= Contemporary Physics Education Project =

The Contemporary Physics Education Project (CPEP) is an "organization of teachers, educators, and physicists" formed in 1987. The group grew out of the Conference on the Teaching of Modern Physics held at Fermilab in 1986, organized by the American Association of Physics Teachers. The group's first effort aimed to supply a chart for particle physics teaching that would rival the Periodic Table of the elements.

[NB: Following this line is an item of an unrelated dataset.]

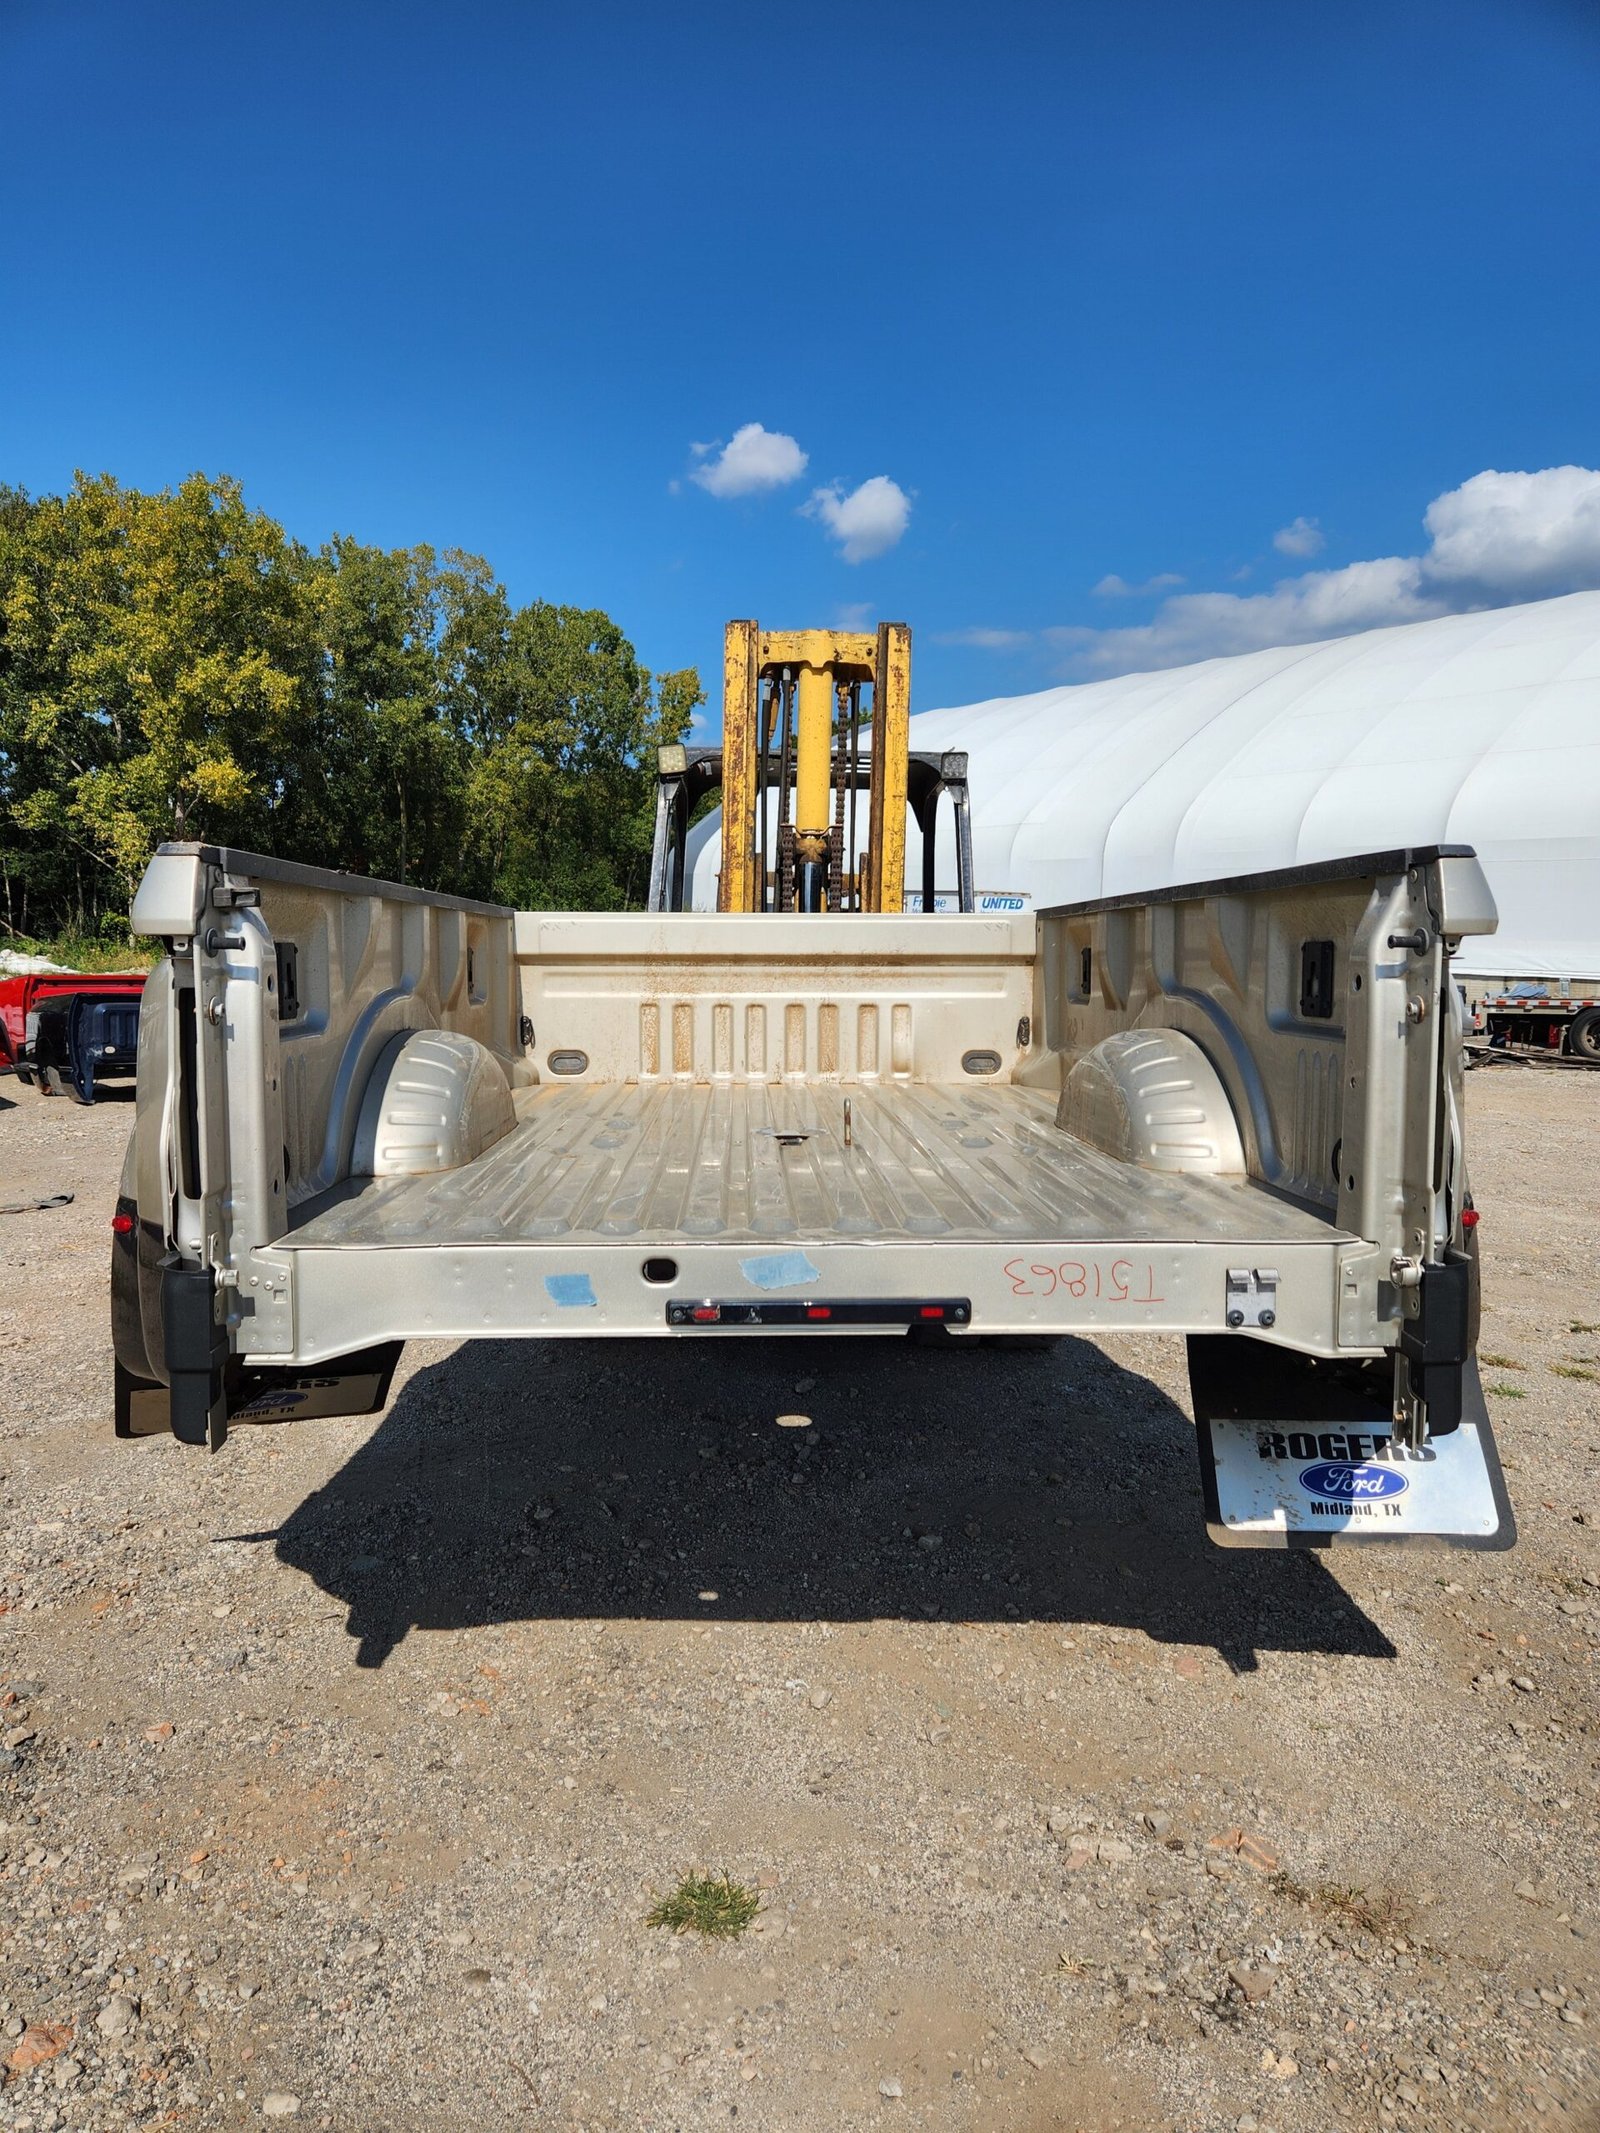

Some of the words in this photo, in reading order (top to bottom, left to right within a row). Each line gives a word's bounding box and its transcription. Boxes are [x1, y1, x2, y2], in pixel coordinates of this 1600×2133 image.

The first version of this chart was published in 1989.

CPEP has created five charts emphasizing contemporary aspects of physics research: particles and interactions; fusion and plasma physics; nuclear science; and cosmology; and gravity.. Almost half a million of these charts and similar products have been distributed.

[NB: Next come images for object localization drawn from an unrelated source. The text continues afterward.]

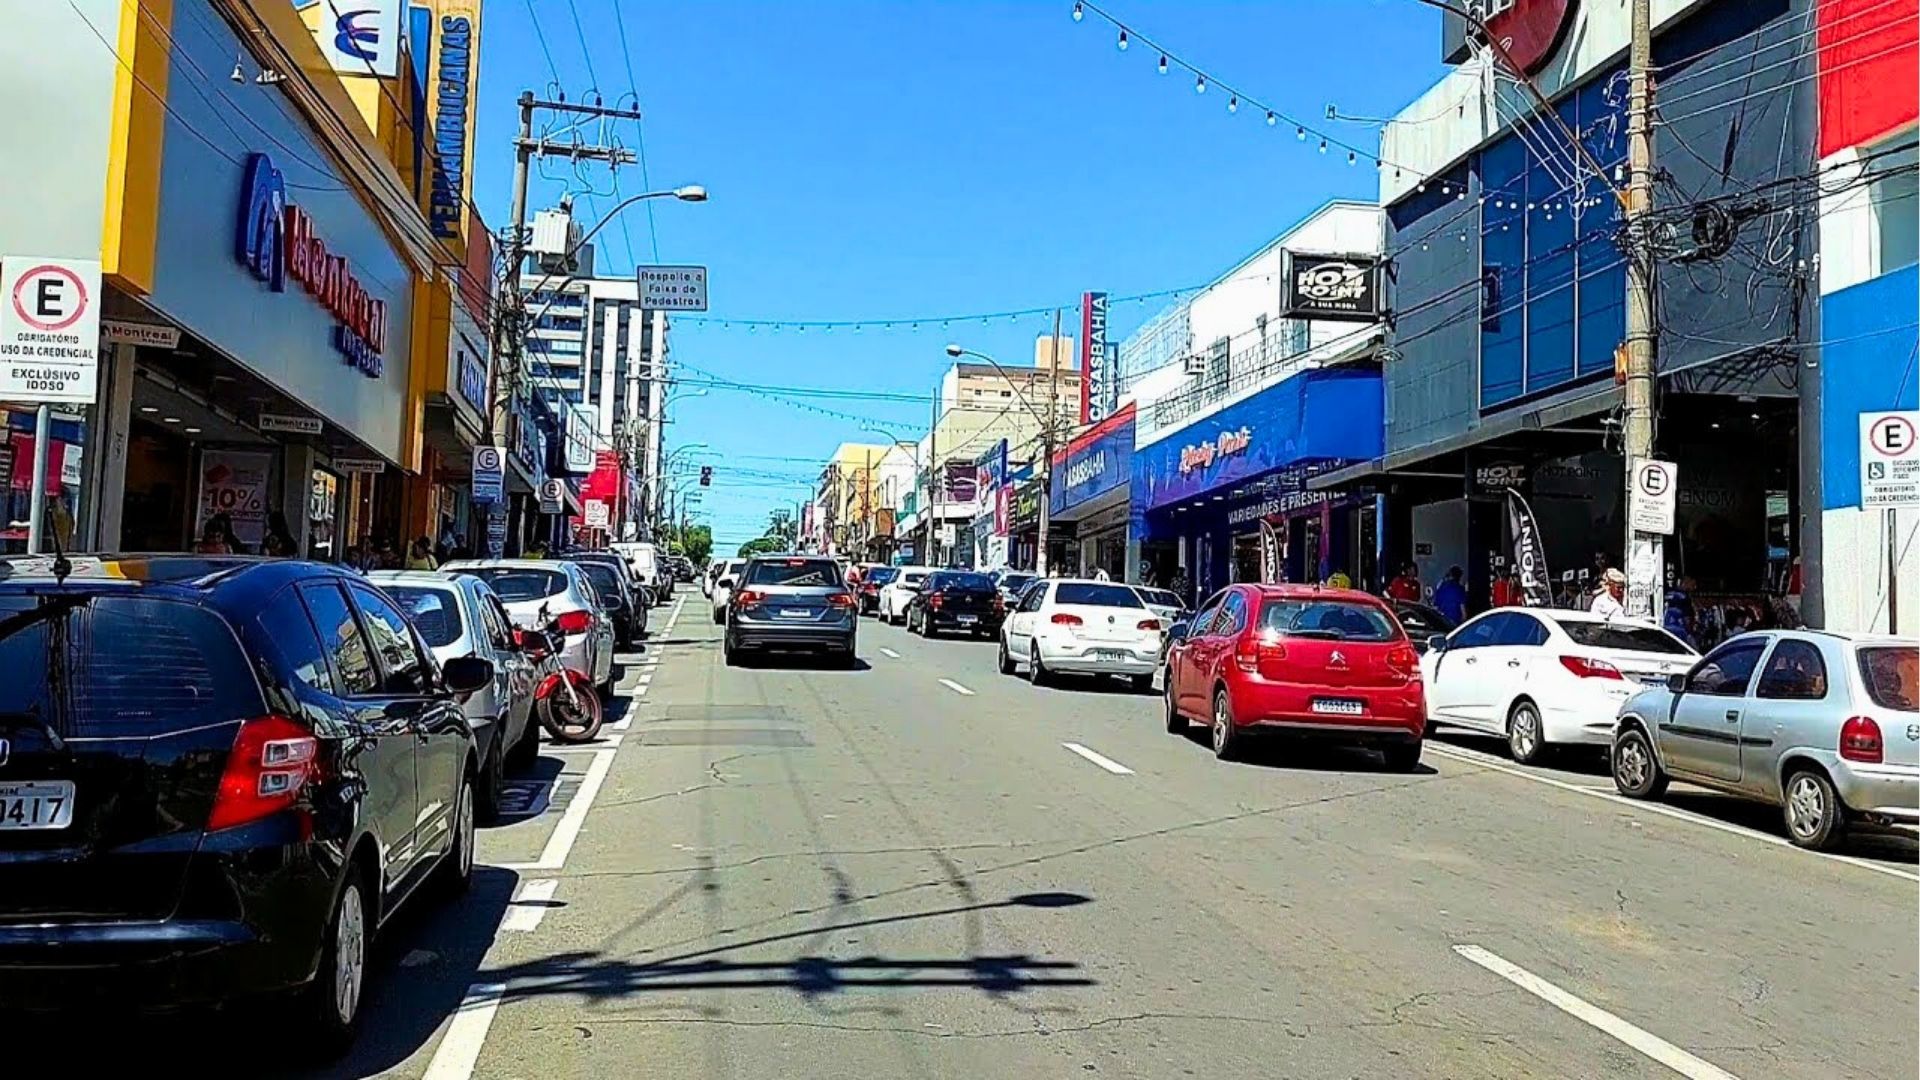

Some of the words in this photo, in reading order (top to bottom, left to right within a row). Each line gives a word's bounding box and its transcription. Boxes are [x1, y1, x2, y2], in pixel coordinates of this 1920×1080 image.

[431, 15, 471, 239] PERNAMBUCANAS
[641, 271, 691, 283] Respeite
[1298, 269, 1364, 286] HOT
[649, 284, 677, 293] Faixa
[682, 285, 697, 293] de
[1298, 285, 1367, 299] POINT
[37, 279, 63, 316] E
[644, 296, 701, 305] Pedestres
[112, 326, 172, 340] Montreal
[1, 345, 20, 355] USO
[22, 346, 34, 356] DA
[37, 346, 94, 359] CREDENCIAL
[26, 380, 64, 391] IDOSO
[1885, 424, 1902, 448] E
[485, 452, 494, 465] E
[1477, 465, 1525, 478] HOT
[1477, 477, 1526, 486] POINT
[1646, 468, 1661, 490] E
[1228, 499, 1279, 525] VARIEDADES
[1280, 498, 1287, 511] E
[1519, 511, 1537, 588] POINT

The group has created website support for teaching for each of the charts.

CPEP received the 2017 "Excellence in Physics Education Award" from the American Physical Society, "for leadership in providing educational materials on contemporary physics topics to students for over 25 years."

Offshoots of CPEP include the book, "The Charm of Strange Quarks: Mysteries and Revolutions of Particle Physics" (2000), by R. Michael Barnett, Henry Muehry, and Helen R. Quinn, three of the founders of CPEP. See also the web site "The Particle Adventure: The Fundamentals of Matter and Force".

R. Michael Barnett described the formation and early days of CPEP in a Nobel Symposium Lecture in 2002.